I’m back to school now, which means that you are probably going to be hearing a lot about my students over the next few months. This is not a bad thing, though, because those 18-year-olds actually have a lot to share. So this semester I think I’ll write about some of the lessons I learn from them or because of them. And I hope those lessons will help us all.
I am currently staring down the barrel of my first-year college students turning in their first drafts of papers. It’s a scary time for them and the deluge of panicked emails and text messages has already started. Students love asking me to “just one more time tell me what you want me to write for this essay.”

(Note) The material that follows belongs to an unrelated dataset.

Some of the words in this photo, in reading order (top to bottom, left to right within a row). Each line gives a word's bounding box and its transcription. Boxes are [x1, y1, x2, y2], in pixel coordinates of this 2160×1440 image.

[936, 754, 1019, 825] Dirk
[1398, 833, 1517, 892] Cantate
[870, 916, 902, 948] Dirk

I’m ready for that deluge, though, because I am armed with my standard — and incredibly frustrating for them — response: I’m looking for whatever you want to give me.
I was discussing this with a colleague recently and as we chuckled about the frustration we cause by saying this to our writing students, I realized that I act exactly like my students when thinking of the next book or story to write. I want to beg my reader or those editors I’m sending my manuscript to, “Please, just this one more time, tell me exactly what it is you want me to write!” And just like I do with my students, my readers will shrug and tell me, “We’re looking for whatever you want to give us.”

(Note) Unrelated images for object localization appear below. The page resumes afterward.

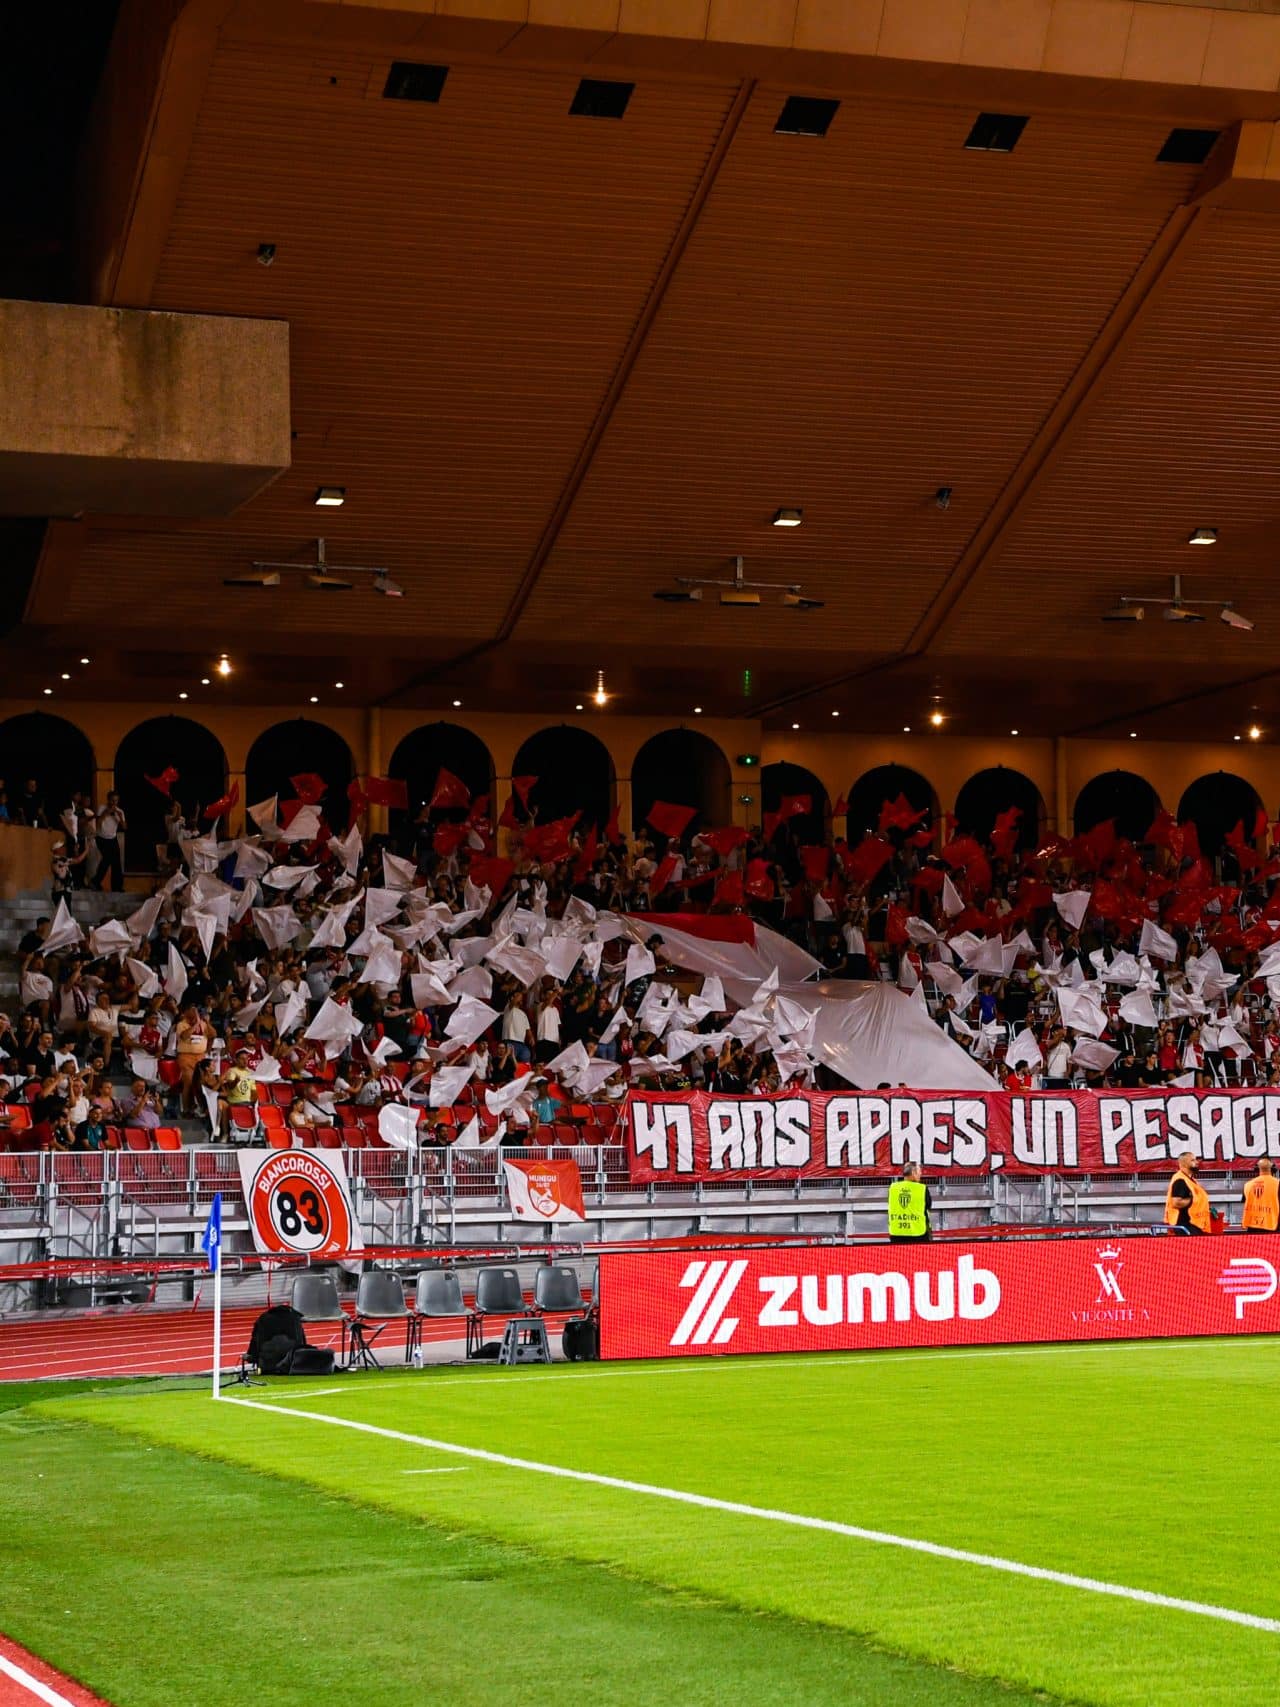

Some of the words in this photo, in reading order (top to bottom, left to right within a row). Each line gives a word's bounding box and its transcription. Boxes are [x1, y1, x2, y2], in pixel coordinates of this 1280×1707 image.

[632, 1100, 694, 1173] 41
[708, 1099, 811, 1170] ANS
[1011, 1097, 1078, 1168] UN
[258, 1157, 331, 1194] BIANCOROSSI
[277, 1190, 323, 1236] 83
[758, 1253, 1001, 1326] zumub

So here’s the lesson: write what you want to write and not what you think someone wants you to write.
Easy to say. Harder to do.
As writers, we always aim to please. We always want approval for our stories. And we want to be able to sell what we write. So we examine the markets, read books in the genres we write, follow Facebook and Twitter feeds of editors and publishing houses, and do whatever we can to figure out what it is our readers want.
The problem is that this pressure can lead us to write books we might not really want to write. Especially in the romance genre, it can be hard to make a dent. Oftentimes, big publishers are looking for very specific things in the books they buy. And, perhaps more than any other genre, romance is rife with cliches and stereotypes that sell very well.
Perhaps part of this post comes out of my recent frustration with the romance novels I’m reading. I love the promise of book descriptions. I love going on Amazon or Goodreads and finding a story that seems to have the things I want. But lately, no matter what subgenre of romance I read (cowboy and small-town stories most recently), the promise of the description quickly dissolves into the disappointment of the reality. The cliches overwhelm what might have been good characters and the knowledge that the hero and heroine must get to a happily ever after seems to take away the spark of emotion and connection between them.
I’ve realized that many of these romances now feel like the author was writing what they thought was expected. They took a barrel of cliches and set it in the story to do the work of storytelling. Like these authors didn’t take the time to work the cliches (which I’m not knocking, they can be very fun and useful!) into real people’s lives. You want to have a secret baby? Fine. A tragic past? Fine. A virgin who thinks she’ll never find the right man? Fine. But make sure that the hero and heroine deal with it like real human beings would. Don’t use it in place of genuine emotional connection.
Okay, that might have gotten a little ranty… but it was all to say that producing what you think a reader or editor wants will result in the kind of schlock that might get you by, but doesn’t really get you ahead.
As I buckle down to work on a new draft, it’s worth remembering that if I am writing the book I want to write, chances are that someone else will love it, someone else will see on the page my love for the story, someone else will think it’s good.
So just like my students, I will write the story that I want to write, turn it in, and hope that I get an A on this one.